> [MATERIAL FOR THIS EXERCISE]:

********

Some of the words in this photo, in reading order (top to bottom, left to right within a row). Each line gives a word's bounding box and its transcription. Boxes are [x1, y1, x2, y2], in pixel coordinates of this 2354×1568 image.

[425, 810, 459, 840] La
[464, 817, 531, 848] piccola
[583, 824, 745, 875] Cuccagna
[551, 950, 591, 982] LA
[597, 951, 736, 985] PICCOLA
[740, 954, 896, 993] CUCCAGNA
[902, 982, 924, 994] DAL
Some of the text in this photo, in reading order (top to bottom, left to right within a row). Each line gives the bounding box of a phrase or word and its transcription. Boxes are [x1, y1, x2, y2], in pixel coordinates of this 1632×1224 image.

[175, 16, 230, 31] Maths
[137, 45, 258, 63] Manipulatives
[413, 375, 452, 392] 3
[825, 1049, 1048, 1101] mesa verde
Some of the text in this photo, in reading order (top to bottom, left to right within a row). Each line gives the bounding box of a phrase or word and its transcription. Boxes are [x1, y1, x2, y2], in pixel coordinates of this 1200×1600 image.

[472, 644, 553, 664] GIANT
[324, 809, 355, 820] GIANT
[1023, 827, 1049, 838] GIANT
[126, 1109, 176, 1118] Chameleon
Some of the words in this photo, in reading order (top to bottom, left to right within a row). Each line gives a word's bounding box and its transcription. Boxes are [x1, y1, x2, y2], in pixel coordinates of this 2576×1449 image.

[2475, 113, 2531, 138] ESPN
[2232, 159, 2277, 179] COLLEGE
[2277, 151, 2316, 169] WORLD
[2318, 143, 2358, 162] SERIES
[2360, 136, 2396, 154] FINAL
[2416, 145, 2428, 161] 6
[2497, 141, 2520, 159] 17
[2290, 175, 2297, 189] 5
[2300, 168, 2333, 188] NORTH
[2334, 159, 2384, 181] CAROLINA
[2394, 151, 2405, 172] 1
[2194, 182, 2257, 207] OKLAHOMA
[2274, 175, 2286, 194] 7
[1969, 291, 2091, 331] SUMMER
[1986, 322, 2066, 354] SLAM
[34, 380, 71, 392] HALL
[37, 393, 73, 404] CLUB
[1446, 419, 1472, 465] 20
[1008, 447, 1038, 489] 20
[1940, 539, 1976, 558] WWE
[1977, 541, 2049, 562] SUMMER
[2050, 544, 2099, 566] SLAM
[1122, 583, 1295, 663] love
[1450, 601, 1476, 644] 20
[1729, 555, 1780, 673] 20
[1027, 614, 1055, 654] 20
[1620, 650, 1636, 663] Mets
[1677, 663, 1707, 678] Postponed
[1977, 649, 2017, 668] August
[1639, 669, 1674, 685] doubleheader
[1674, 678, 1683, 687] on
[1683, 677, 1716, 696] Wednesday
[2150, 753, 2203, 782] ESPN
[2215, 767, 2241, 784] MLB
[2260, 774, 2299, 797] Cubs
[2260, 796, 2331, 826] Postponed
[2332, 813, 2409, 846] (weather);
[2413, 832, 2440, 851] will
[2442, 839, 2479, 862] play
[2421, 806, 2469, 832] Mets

********

> [ASSIGNMENT]: All records shown above are to be repeated exactly.

> [WRITTEN RESPONSE]:
Some of the words in this photo, in reading order (top to bottom, left to right within a row). Each line gives a word's bounding box and its transcription. Boxes are [x1, y1, x2, y2], in pixel coordinates of this 2354×1568 image.

[425, 810, 459, 840] La
[464, 817, 531, 848] piccola
[583, 824, 745, 875] Cuccagna
[551, 950, 591, 982] LA
[597, 951, 736, 985] PICCOLA
[740, 954, 896, 993] CUCCAGNA
[902, 982, 924, 994] DAL
Some of the text in this photo, in reading order (top to bottom, left to right within a row). Each line gives the bounding box of a phrase or word and its transcription. Boxes are [x1, y1, x2, y2], in pixel coordinates of this 1632×1224 image.

[175, 16, 230, 31] Maths
[137, 45, 258, 63] Manipulatives
[413, 375, 452, 392] 3
[825, 1049, 1048, 1101] mesa verde
Some of the text in this photo, in reading order (top to bottom, left to right within a row). Each line gives the bounding box of a phrase or word and its transcription. Boxes are [x1, y1, x2, y2], in pixel coordinates of this 1200×1600 image.

[472, 644, 553, 664] GIANT
[324, 809, 355, 820] GIANT
[1023, 827, 1049, 838] GIANT
[126, 1109, 176, 1118] Chameleon
Some of the words in this photo, in reading order (top to bottom, left to right within a row). Each line gives a word's bounding box and its transcription. Boxes are [x1, y1, x2, y2], in pixel coordinates of this 2576×1449 image.

[2475, 113, 2531, 138] ESPN
[2232, 159, 2277, 179] COLLEGE
[2277, 151, 2316, 169] WORLD
[2318, 143, 2358, 162] SERIES
[2360, 136, 2396, 154] FINAL
[2416, 145, 2428, 161] 6
[2497, 141, 2520, 159] 17
[2290, 175, 2297, 189] 5
[2300, 168, 2333, 188] NORTH
[2334, 159, 2384, 181] CAROLINA
[2394, 151, 2405, 172] 1
[2194, 182, 2257, 207] OKLAHOMA
[2274, 175, 2286, 194] 7
[1969, 291, 2091, 331] SUMMER
[1986, 322, 2066, 354] SLAM
[34, 380, 71, 392] HALL
[37, 393, 73, 404] CLUB
[1446, 419, 1472, 465] 20
[1008, 447, 1038, 489] 20
[1940, 539, 1976, 558] WWE
[1977, 541, 2049, 562] SUMMER
[2050, 544, 2099, 566] SLAM
[1122, 583, 1295, 663] love
[1450, 601, 1476, 644] 20
[1729, 555, 1780, 673] 20
[1027, 614, 1055, 654] 20
[1620, 650, 1636, 663] Mets
[1677, 663, 1707, 678] Postponed
[1977, 649, 2017, 668] August
[1639, 669, 1674, 685] doubleheader
[1674, 678, 1683, 687] on
[1683, 677, 1716, 696] Wednesday
[2150, 753, 2203, 782] ESPN
[2215, 767, 2241, 784] MLB
[2260, 774, 2299, 797] Cubs
[2260, 796, 2331, 826] Postponed
[2332, 813, 2409, 846] (weather);
[2413, 832, 2440, 851] will
[2442, 839, 2479, 862] play
[2421, 806, 2469, 832] Mets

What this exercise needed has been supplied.